● TASK DESCRIPTION:
Omit all pictures, then print the entries exactly.
################
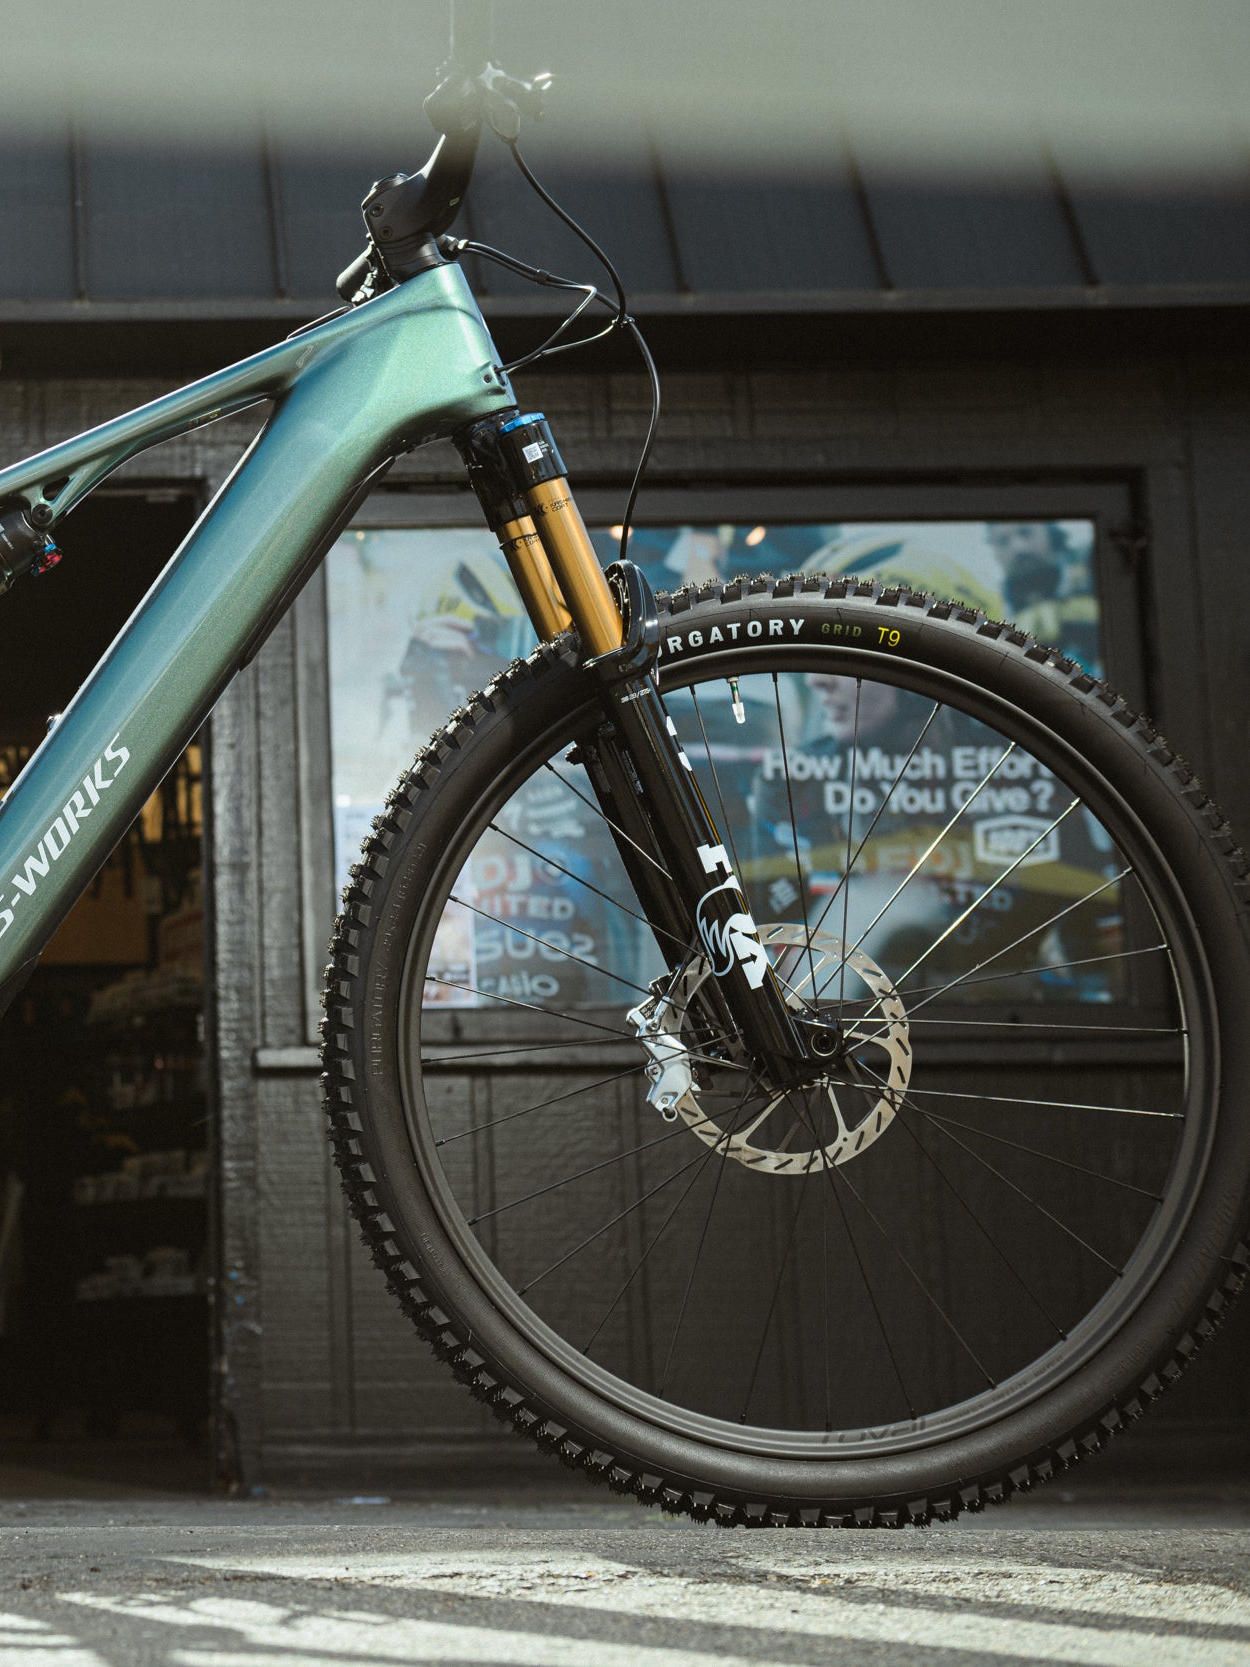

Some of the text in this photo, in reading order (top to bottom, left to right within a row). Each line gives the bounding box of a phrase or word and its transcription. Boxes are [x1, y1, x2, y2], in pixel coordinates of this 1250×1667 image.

[657, 618, 901, 659] RGATORY GRID T9
[763, 752, 843, 781] How
[855, 746, 947, 779] Much
[824, 780, 1055, 815] Do You Give?
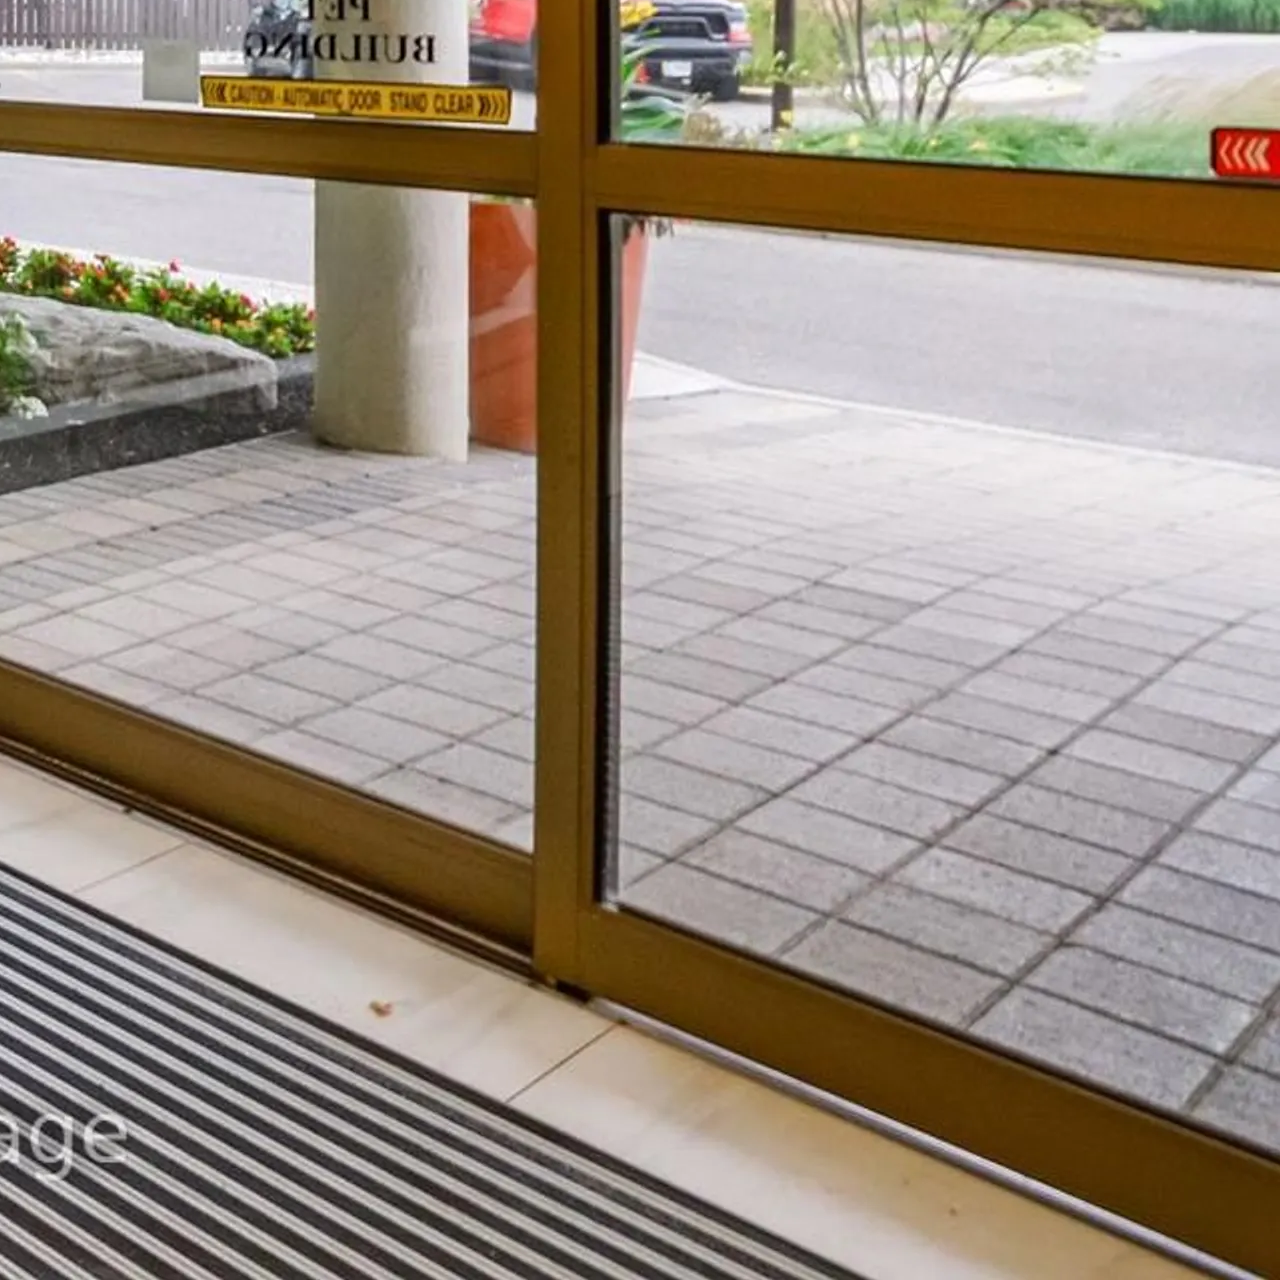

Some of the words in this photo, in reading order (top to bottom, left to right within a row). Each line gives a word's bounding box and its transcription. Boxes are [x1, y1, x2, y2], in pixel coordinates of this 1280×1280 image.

[230, 84, 275, 106] CAUTION
[282, 86, 344, 109] AUTOMATIC
[348, 89, 381, 111] DOOR
[389, 91, 429, 114] STAND
[433, 93, 474, 115] CLEAR
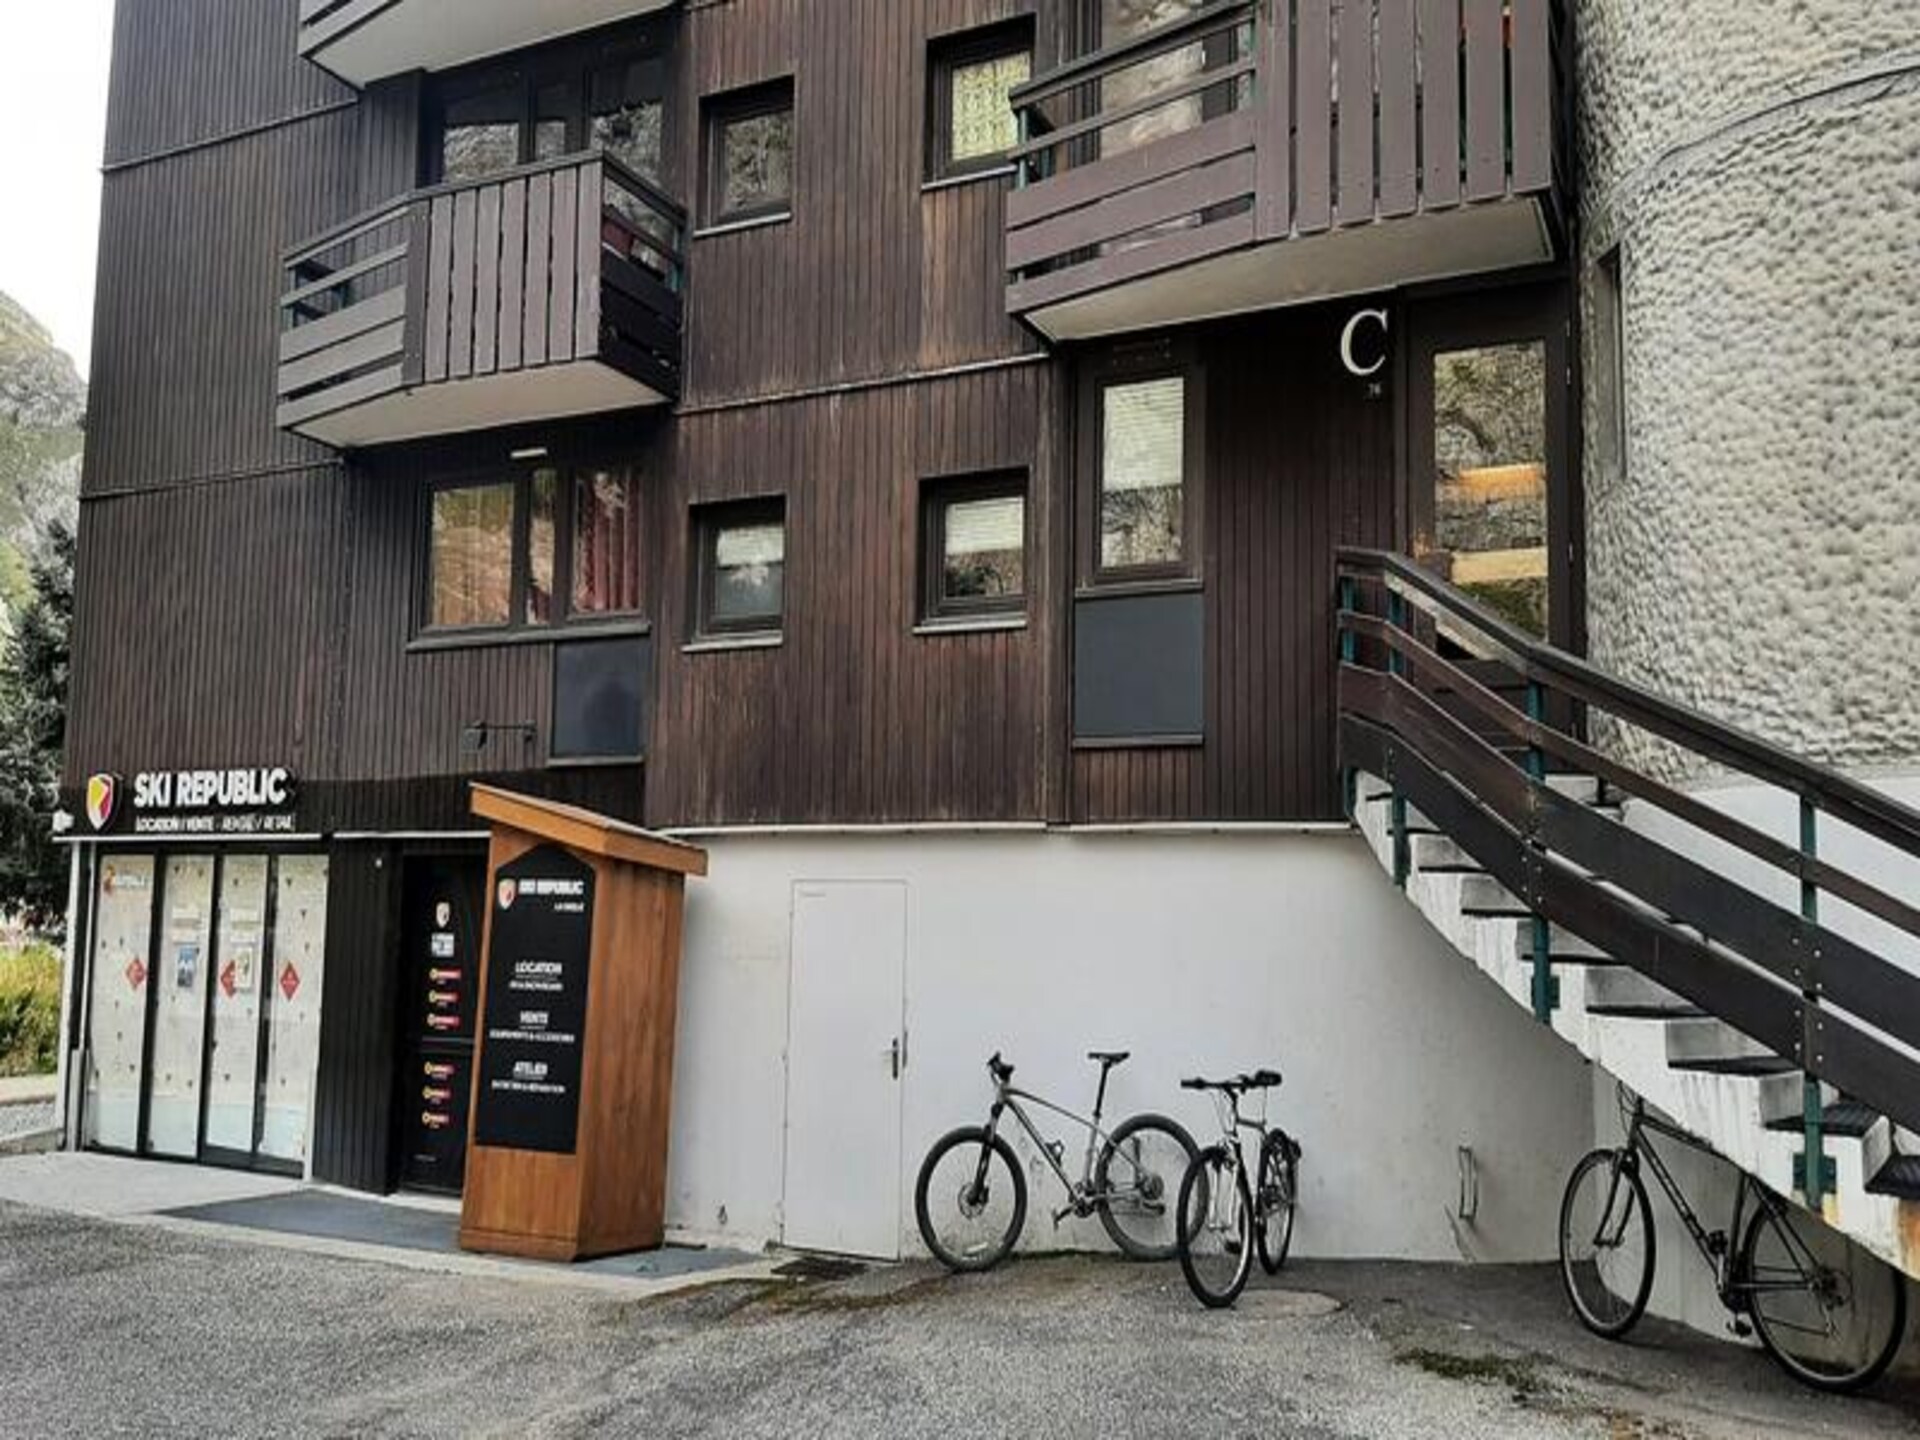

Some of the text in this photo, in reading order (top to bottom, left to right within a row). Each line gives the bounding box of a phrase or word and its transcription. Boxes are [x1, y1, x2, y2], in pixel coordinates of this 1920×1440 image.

[1341, 308, 1388, 375] C
[133, 767, 288, 808] SKI REPUBLIC
[537, 879, 585, 895] REPUBLIC
[514, 961, 562, 974] LOCATION
[520, 1011, 549, 1024] VENTE
[513, 1061, 549, 1076] ATELIER
################
● ANSWER BOX:
Some of the text in this photo, in reading order (top to bottom, left to right within a row). Each line gives the bounding box of a phrase or word and its transcription. Boxes are [x1, y1, x2, y2], in pixel coordinates of this 1250×1667 image.

[657, 618, 901, 659] RGATORY GRID T9
[763, 752, 843, 781] How
[855, 746, 947, 779] Much
[824, 780, 1055, 815] Do You Give?

Some of the words in this photo, in reading order (top to bottom, left to right within a row). Each line gives a word's bounding box and its transcription. Boxes are [x1, y1, x2, y2], in pixel coordinates of this 1280×1280 image.

[230, 84, 275, 106] CAUTION
[282, 86, 344, 109] AUTOMATIC
[348, 89, 381, 111] DOOR
[389, 91, 429, 114] STAND
[433, 93, 474, 115] CLEAR

Some of the text in this photo, in reading order (top to bottom, left to right within a row). Each line gives the bounding box of a phrase or word and its transcription. Boxes are [x1, y1, x2, y2], in pixel coordinates of this 1920×1440 image.

[1341, 308, 1388, 375] C
[133, 767, 288, 808] SKI REPUBLIC
[537, 879, 585, 895] REPUBLIC
[514, 961, 562, 974] LOCATION
[520, 1011, 549, 1024] VENTE
[513, 1061, 549, 1076] ATELIER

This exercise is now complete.